Brazil dominated the final day of the boccia competition, winning two gold medals to take their total for the tournament to three.
Maciel Sousa Santos and Dirceu Pinto both triumphed over Chinese opposition at the ExCel Arena to make London 2012 a Paralympic Games to remember for Brazilian supporters of the sport.
Sousa Santos drew first blood in the BC2 category, wrapping up his match against Zhiqiang Yan by the third end. Yan took an aggressive approach to the tie, but the Brazilian remained calm to win 8-0 with an almost perfect performance.
Describing his feelings as he heard the national anthem on the podium, Sousa Santos said: “Everything from the beginning of my time in the sport went through my mind. Some training sessions have been hard to get to. I travelled in rain and sun and there were some tough times. This, finally, is the reward I deserved.”
Pinto’s victory over Yuansen Zheng in the BC4 went to a tie-breaker after the match finished 3-3 following the regulation four ends. The final match in the whole tournament, it was a gripping finale and once again it was the Brazilian player who remained unruffled to seize gold.
It has been a special tournament for Pinto, who also won gold in the mixed pair competition, and he was left to reflect on a memorable Games for the Brazilian team.
“We've always fought for boccia in Brazil,” he said. “It's the only sport in the Paralympics that are open for people with our disabilities.”
The all-Korean final of the BC3 was a tense affair, with Ye-Jin Choi beating Ho-Won Jeong with the very last ball of the match. Leading 3-2 going into the final end, world No.1 Jeong seemed to have done enough to get his hands on gold until Choi sent her ultimate ball down the ramp to snatch victory in the most dramatic of circumstances.
The new champion, who revealed she had been practising in her living room due to a lack of facilities in Korea, felt she could have played better but she will be the player to beat in the foreseeable future.
“I want two more gold medals, one in Rio 2016 and one in 2020,” said Choi.
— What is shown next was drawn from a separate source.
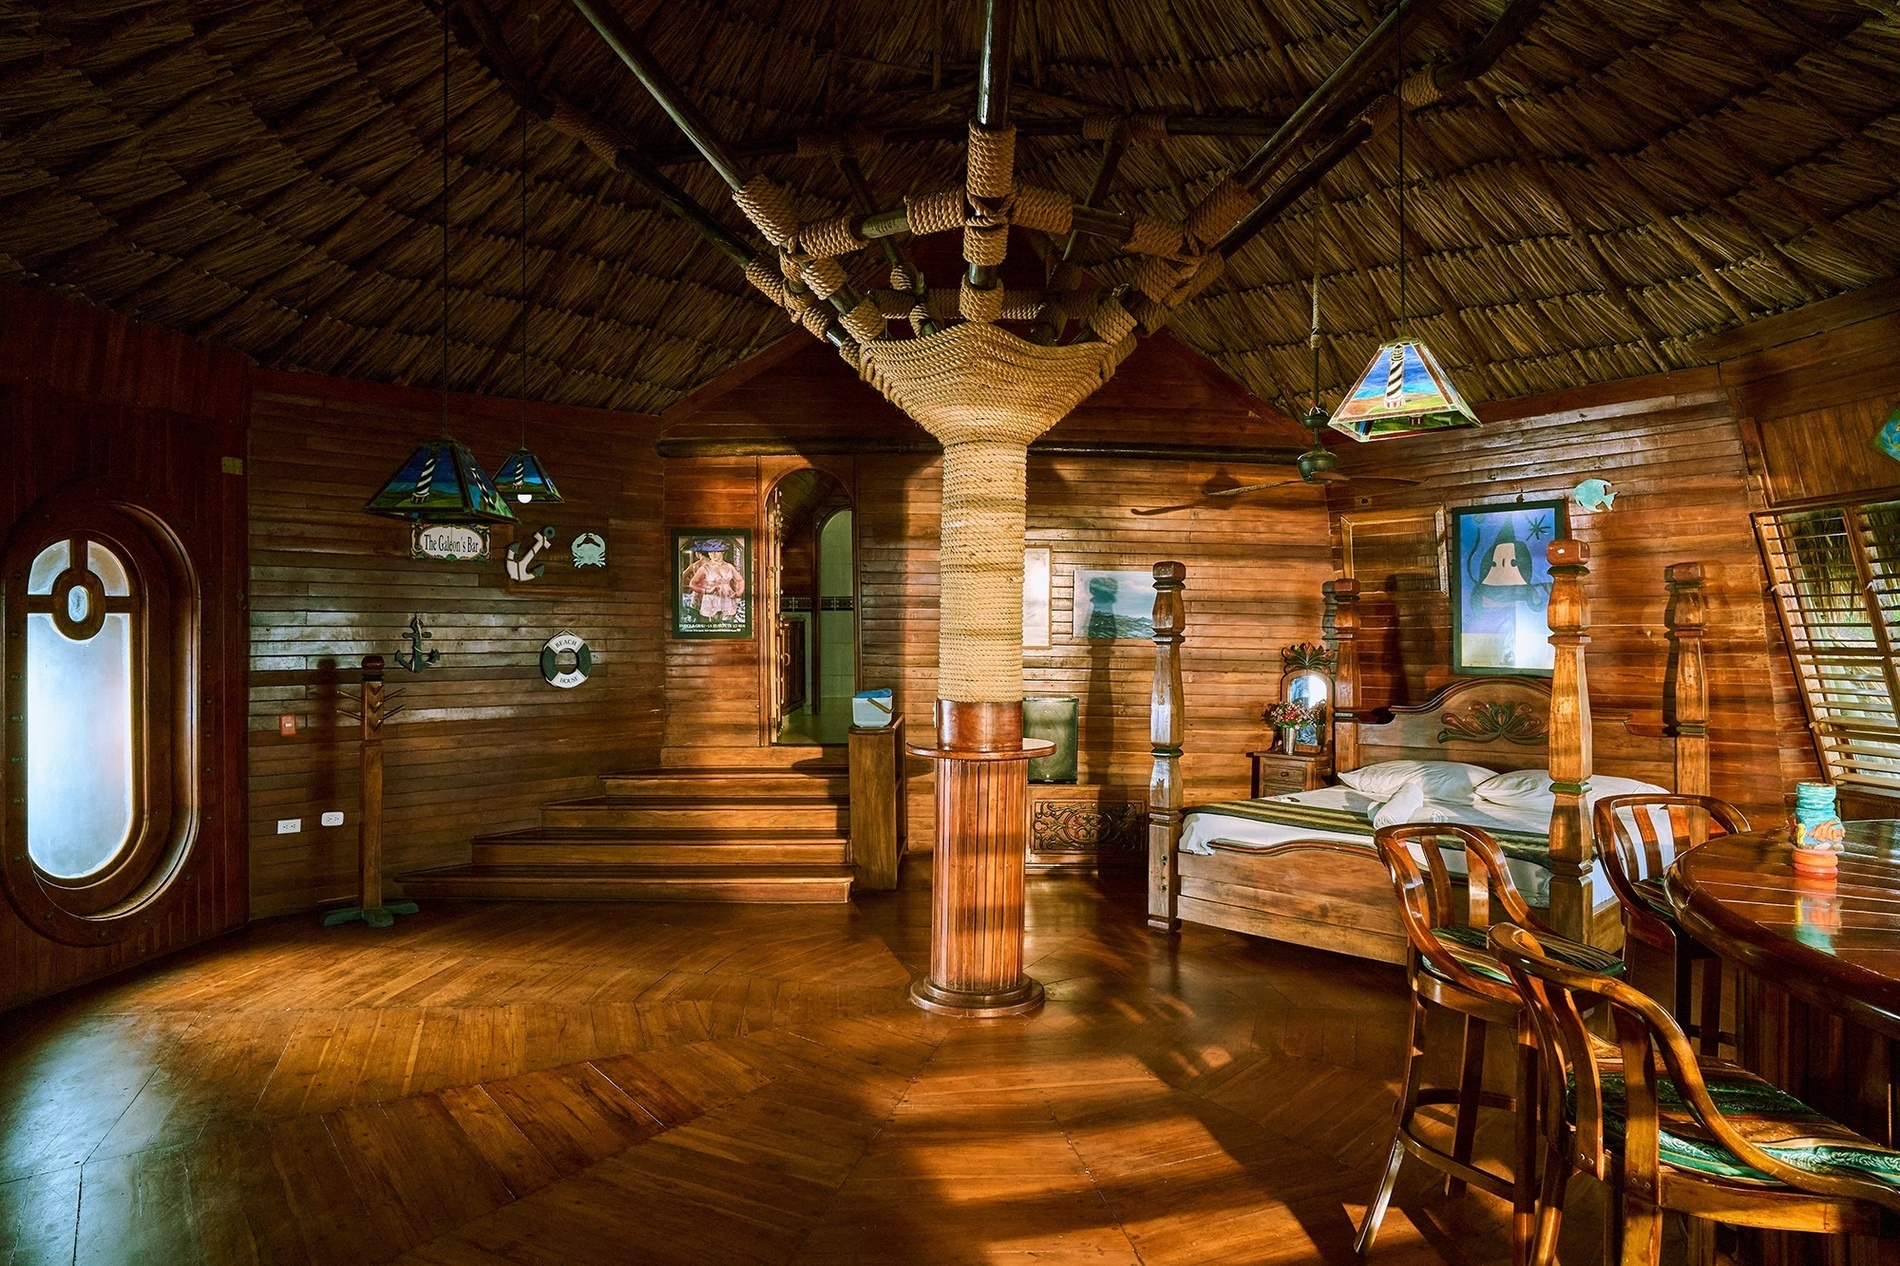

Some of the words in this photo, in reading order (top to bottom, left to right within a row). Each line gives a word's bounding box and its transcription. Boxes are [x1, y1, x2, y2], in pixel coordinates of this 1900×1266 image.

[424, 534, 437, 550] The
[467, 537, 478, 552] Bar
[555, 639, 577, 648] BEACH
Thailand’s Pattaya Tadtong secured his second gold medal of London 2012 with a 7-0 victory over Great Britain’s David Smith in the mixed individual BC1 category. Having already been part of the line-up that won the BC1-2 team event, Tadtong gave a remarkable display of precision and power that Smith simply could not match.
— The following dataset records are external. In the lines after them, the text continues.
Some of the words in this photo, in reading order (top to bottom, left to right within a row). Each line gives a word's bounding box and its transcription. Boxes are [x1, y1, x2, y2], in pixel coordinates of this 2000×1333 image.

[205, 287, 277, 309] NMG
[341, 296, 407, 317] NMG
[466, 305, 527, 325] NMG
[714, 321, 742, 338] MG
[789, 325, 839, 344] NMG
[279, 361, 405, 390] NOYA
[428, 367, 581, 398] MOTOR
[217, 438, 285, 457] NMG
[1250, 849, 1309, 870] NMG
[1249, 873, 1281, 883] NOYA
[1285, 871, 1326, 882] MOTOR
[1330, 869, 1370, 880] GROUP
The mutual respect between the two was plain as the emotional winner celebrated with the crowd. He now hopes use his prize money to increase the sport’s following back home.
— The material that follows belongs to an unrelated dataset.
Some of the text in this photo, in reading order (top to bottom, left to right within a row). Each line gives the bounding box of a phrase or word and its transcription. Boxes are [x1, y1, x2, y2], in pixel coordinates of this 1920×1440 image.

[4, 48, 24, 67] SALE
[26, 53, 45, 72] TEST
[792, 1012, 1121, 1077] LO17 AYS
“I will give some of the prize money to my mother and family,” said Tadtong. “Then I will build a gym so the next generation in Thailand can play boccia.”
The matches to decide third and fourth took place in the morning, and Roger Aandalen now has a bronze to add to the silver he won eight years ago in Athens. The BC1 Norwegian player was his country’s only representative in the competition, but he is unsure if he will still be involved at Rio 2016.
Korea’s two competitors for the bronze had a mixed morning. So-Yeong Jeong beat China’s Kai Zhong 5-1 in the BC2, but Han Soo Kim was unable to nail a 1-2-3 for the Asian nation in the BC3 after he lost to Portugal’s Jose Macedo.
There was also disappointment for Great Britain’s Stephen McGuire in the BC4 as he was defeated in a bronze medal match for the second time in a week, going down 5-3 to Brazil’s Eliseu dos Santos.